Current research advancements in neurogenic inflammation and pain-related disorders, including migraine and arthritic conditions, have established calcitonin gene-related peptide (CGRP) as a crucial neuromodulator in pain pathophysiology. Extensive scientific evidence demonstrates that CGRP functions as both a key mediator and amplifier in nociceptive transmission pathways, with its expression levels directly correlating with pain intensity and duration across various clinical manifestations (1). This review examines CGRP's dual roles in pain pathophysiology and its translational potential as a therapeutic target in precision rehabilitation medicine.

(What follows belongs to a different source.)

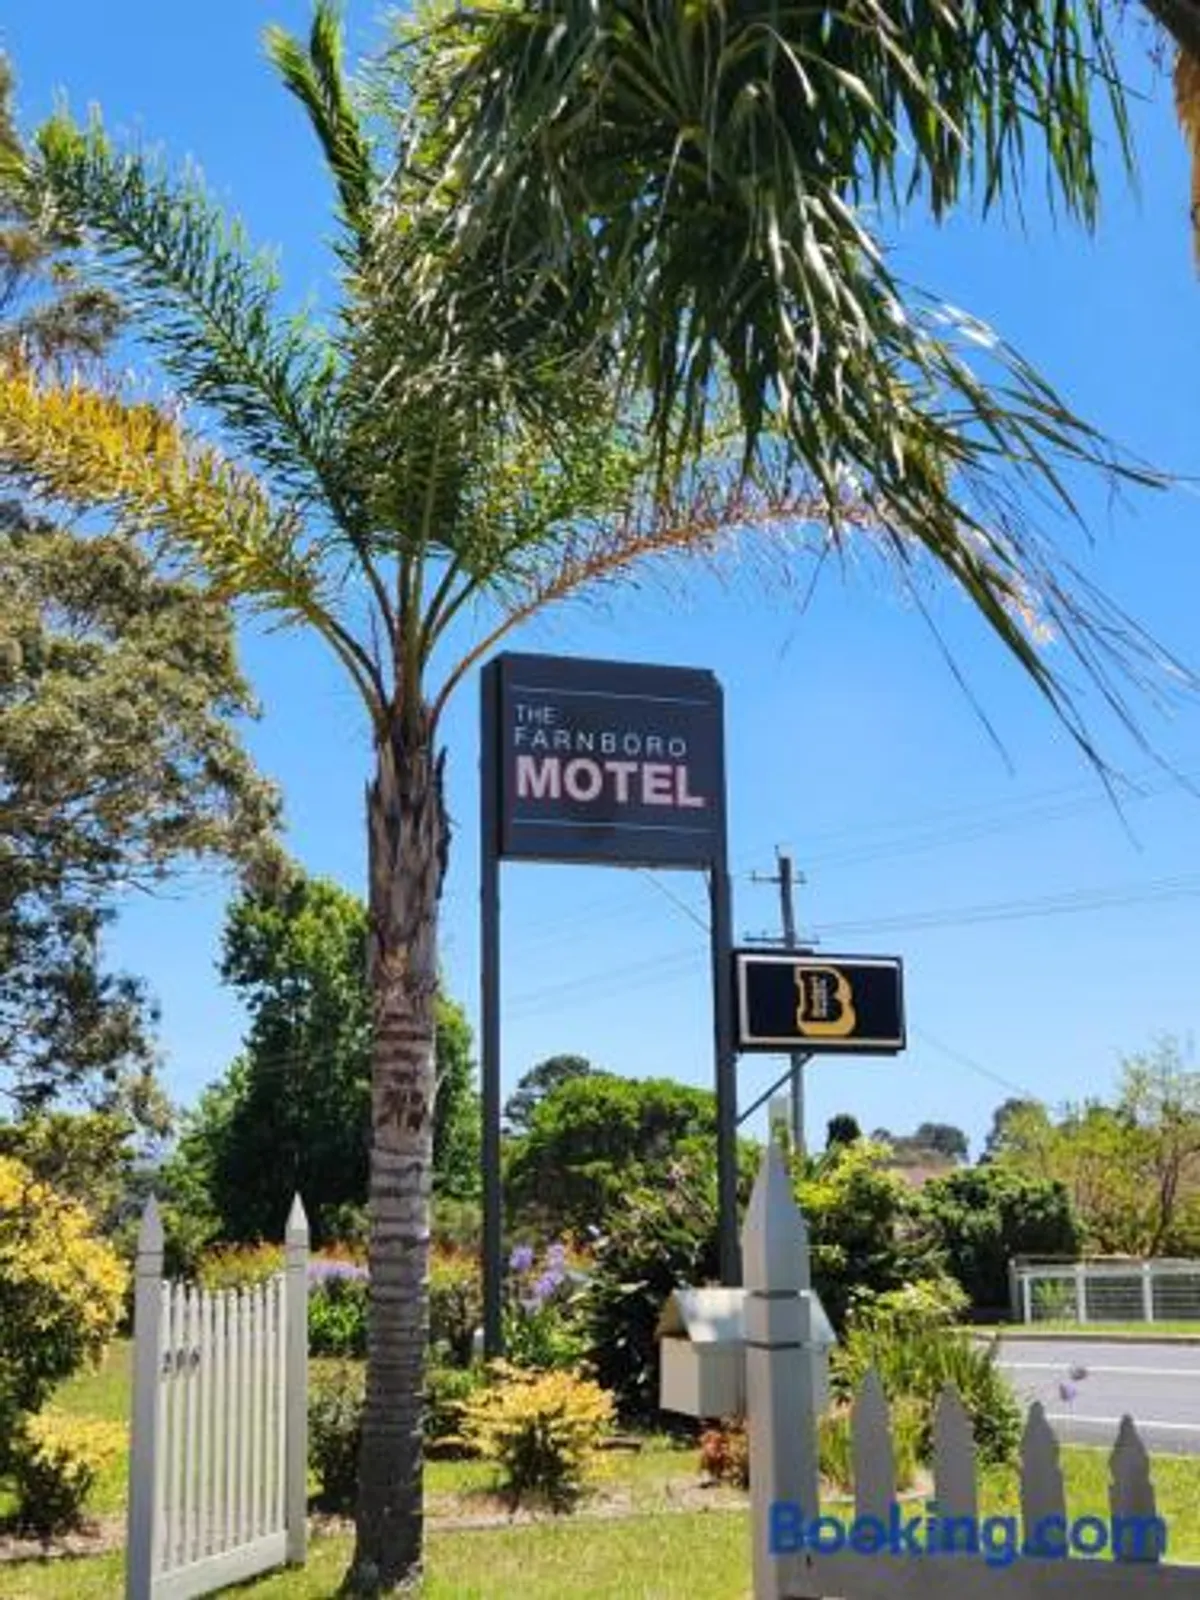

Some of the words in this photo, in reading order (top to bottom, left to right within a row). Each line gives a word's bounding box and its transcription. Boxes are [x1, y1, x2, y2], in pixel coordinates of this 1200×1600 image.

[514, 704, 557, 724] THE
[513, 726, 686, 757] FARNBORO
[516, 755, 705, 807] MOTEL

Calcitonin gene-related peptide (CGRP) is an active polypeptide composed of 37 amino acids, formed through specific splicing of the calcitonin gene (CALCA). In humans, CGRP exists in α and β forms, which share 94% structural similarity. CGRP binds to specific receptors and is widely distributed in the body, particularly in small-diameter dorsal root ganglion neurons, trigeminal ganglion neurons, and nerve fibers controlling the spinal cord and brainstem dorsal horn. α-CGRP and β-CGRP exhibit similar biological activities, with α-CGRP being the predominant form in the central and peripheral nervous systems, while β-CGRP plays a more significant role in intestinal function. The expression of calcitonin and CGRP mRNA is tissue-specific. Calcitonin (CT), a well-known peptide hormone isolated from the parathyroid gland, is involved in calcium ion homeostasis. Early studies on CT gene cloning revealed alternative RNA processing in neuronal tissues, leading to the synthesis of mRNA encoding CGRP (2).CGRP mRNA is synthesized by splicing the first three exons of CALCA to the fifth and sixth exons, followed by post-translational modifications and proteolytic cleavage to form the mature peptide (3–5). CGRP's pleiotropic activity encompasses vasodilation, immunomodulation, cardioprotection, and nociceptive signaling.

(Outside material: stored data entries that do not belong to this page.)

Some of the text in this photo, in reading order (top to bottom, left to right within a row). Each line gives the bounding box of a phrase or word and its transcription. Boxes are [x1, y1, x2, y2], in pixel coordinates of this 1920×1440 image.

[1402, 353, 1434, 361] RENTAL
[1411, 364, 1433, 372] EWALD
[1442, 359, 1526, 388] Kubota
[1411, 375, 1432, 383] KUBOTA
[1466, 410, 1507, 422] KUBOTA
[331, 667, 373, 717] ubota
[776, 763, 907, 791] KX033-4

2 Functions and mechanisms of CGRP

2.1 Advances in basic medical research on CGRP

CGRP critically mediates nociceptive signaling, facilitating pain transmission from peripheral nociceptors to the amygdala via spinal dorsal horn release during inflammatory and noxious stimuli. In chronic pain states, CGRP upregulation in sensory neurons—particularly C fibers (mediating chronic dull pain) and Aδ fibers (processing acute sharp pain)—drives peripheral and central sensitization mechanisms (6–8). CGRP potentiates central sensory neuron excitability, augmenting spinal nociceptive transmission and driving central sensitization in chronic pain. Arthritis models demonstrate amplified synaptic facilitation by CGRP, contrasting its dual modulation (excitatory/inhibitory) in physiological states (6). CGRP signaling critically mediates visceral pain, notably bladder-colonic cross-sensitization in pelvic pain pathways, as evidenced by preclinical models (7, 9). Emerging evidence links spleen deficiency-associated functional dyspepsia to dysregulated motility-modulating brain-gut peptides, particularly CGRP (10). In murine TMD models with joint inflammation and masticatory muscle injury, TRPV4 activation in trigeminal ganglion neurons drives CGRP release, suggesting therapeutic potential of TRPV4/CGRP blockade for TMD pain (11).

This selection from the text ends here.